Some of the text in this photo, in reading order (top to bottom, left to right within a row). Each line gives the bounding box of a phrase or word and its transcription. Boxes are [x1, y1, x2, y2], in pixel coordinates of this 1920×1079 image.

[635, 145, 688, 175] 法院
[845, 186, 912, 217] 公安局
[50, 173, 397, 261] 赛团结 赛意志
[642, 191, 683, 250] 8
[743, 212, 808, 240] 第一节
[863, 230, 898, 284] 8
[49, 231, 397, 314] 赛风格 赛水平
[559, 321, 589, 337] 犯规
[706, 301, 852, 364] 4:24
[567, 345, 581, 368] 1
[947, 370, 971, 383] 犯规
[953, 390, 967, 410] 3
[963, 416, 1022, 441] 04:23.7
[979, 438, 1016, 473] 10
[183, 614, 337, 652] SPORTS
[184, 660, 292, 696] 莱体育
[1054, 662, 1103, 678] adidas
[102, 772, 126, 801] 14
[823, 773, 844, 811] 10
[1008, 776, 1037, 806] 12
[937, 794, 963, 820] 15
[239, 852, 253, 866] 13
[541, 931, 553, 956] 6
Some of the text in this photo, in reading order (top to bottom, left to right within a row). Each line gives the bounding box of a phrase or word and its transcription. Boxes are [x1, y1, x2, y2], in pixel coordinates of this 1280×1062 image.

========

▶ ASSIGNED TASK
Reproduce all of the records precisely. No word may differ.

▶ RESPONSE AREA
Some of the text in this photo, in reading order (top to bottom, left to right within a row). Each line gives the bounding box of a phrase or word and its transcription. Boxes are [x1, y1, x2, y2], in pixel coordinates of this 1920×1079 image.

[635, 145, 688, 175] 法院
[845, 186, 912, 217] 公安局
[50, 173, 397, 261] 赛团结 赛意志
[642, 191, 683, 250] 8
[743, 212, 808, 240] 第一节
[863, 230, 898, 284] 8
[49, 231, 397, 314] 赛风格 赛水平
[559, 321, 589, 337] 犯规
[706, 301, 852, 364] 4:24
[567, 345, 581, 368] 1
[947, 370, 971, 383] 犯规
[953, 390, 967, 410] 3
[963, 416, 1022, 441] 04:23.7
[979, 438, 1016, 473] 10
[183, 614, 337, 652] SPORTS
[184, 660, 292, 696] 莱体育
[1054, 662, 1103, 678] adidas
[102, 772, 126, 801] 14
[823, 773, 844, 811] 10
[1008, 776, 1037, 806] 12
[937, 794, 963, 820] 15
[239, 852, 253, 866] 13
[541, 931, 553, 956] 6
Some of the text in this photo, in reading order (top to bottom, left to right within a row). Each line gives the bounding box of a phrase or word and its transcription. Boxes are [x1, y1, x2, y2], in pixel coordinates of this 1280×1062 image.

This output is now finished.